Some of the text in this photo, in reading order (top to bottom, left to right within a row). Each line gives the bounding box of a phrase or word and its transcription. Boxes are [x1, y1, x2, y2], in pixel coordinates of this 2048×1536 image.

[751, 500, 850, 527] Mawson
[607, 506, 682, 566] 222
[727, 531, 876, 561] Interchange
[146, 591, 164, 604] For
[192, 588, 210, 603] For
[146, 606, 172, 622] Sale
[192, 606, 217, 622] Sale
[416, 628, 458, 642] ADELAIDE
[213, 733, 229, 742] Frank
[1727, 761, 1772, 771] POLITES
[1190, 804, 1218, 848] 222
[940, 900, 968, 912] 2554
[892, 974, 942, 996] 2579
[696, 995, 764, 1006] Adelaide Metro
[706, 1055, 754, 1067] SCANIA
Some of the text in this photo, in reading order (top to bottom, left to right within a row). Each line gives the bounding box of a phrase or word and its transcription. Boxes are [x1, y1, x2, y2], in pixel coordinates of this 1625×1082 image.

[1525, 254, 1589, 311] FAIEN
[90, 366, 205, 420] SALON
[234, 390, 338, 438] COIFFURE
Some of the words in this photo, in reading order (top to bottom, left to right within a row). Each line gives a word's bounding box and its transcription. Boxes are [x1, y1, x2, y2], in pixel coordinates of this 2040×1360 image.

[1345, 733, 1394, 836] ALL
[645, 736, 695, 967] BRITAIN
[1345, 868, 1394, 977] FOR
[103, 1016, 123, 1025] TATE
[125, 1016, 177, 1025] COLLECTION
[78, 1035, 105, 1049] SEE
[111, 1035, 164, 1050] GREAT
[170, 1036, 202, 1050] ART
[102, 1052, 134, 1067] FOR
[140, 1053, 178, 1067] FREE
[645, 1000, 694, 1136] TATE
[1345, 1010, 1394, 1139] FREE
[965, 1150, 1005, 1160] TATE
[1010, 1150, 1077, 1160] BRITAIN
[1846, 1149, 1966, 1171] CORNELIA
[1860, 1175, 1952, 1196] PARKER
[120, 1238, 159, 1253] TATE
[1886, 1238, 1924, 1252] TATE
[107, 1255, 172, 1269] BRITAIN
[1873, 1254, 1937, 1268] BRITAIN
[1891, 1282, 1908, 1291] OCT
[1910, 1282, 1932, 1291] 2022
■ ■ ■
Output the listing above exactly as it appears.

Exercise response ->
Some of the text in this photo, in reading order (top to bottom, left to right within a row). Each line gives the bounding box of a phrase or word and its transcription. Boxes are [x1, y1, x2, y2], in pixel coordinates of this 2048×1536 image.

[751, 500, 850, 527] Mawson
[607, 506, 682, 566] 222
[727, 531, 876, 561] Interchange
[146, 591, 164, 604] For
[192, 588, 210, 603] For
[146, 606, 172, 622] Sale
[192, 606, 217, 622] Sale
[416, 628, 458, 642] ADELAIDE
[213, 733, 229, 742] Frank
[1727, 761, 1772, 771] POLITES
[1190, 804, 1218, 848] 222
[940, 900, 968, 912] 2554
[892, 974, 942, 996] 2579
[696, 995, 764, 1006] Adelaide Metro
[706, 1055, 754, 1067] SCANIA
Some of the text in this photo, in reading order (top to bottom, left to right within a row). Each line gives the bounding box of a phrase or word and its transcription. Boxes are [x1, y1, x2, y2], in pixel coordinates of this 1625×1082 image.

[1525, 254, 1589, 311] FAIEN
[90, 366, 205, 420] SALON
[234, 390, 338, 438] COIFFURE
Some of the words in this photo, in reading order (top to bottom, left to right within a row). Each line gives a word's bounding box and its transcription. Boxes are [x1, y1, x2, y2], in pixel coordinates of this 2040×1360 image.

[1345, 733, 1394, 836] ALL
[645, 736, 695, 967] BRITAIN
[1345, 868, 1394, 977] FOR
[103, 1016, 123, 1025] TATE
[125, 1016, 177, 1025] COLLECTION
[78, 1035, 105, 1049] SEE
[111, 1035, 164, 1050] GREAT
[170, 1036, 202, 1050] ART
[102, 1052, 134, 1067] FOR
[140, 1053, 178, 1067] FREE
[645, 1000, 694, 1136] TATE
[1345, 1010, 1394, 1139] FREE
[965, 1150, 1005, 1160] TATE
[1010, 1150, 1077, 1160] BRITAIN
[1846, 1149, 1966, 1171] CORNELIA
[1860, 1175, 1952, 1196] PARKER
[120, 1238, 159, 1253] TATE
[1886, 1238, 1924, 1252] TATE
[107, 1255, 172, 1269] BRITAIN
[1873, 1254, 1937, 1268] BRITAIN
[1891, 1282, 1908, 1291] OCT
[1910, 1282, 1932, 1291] 2022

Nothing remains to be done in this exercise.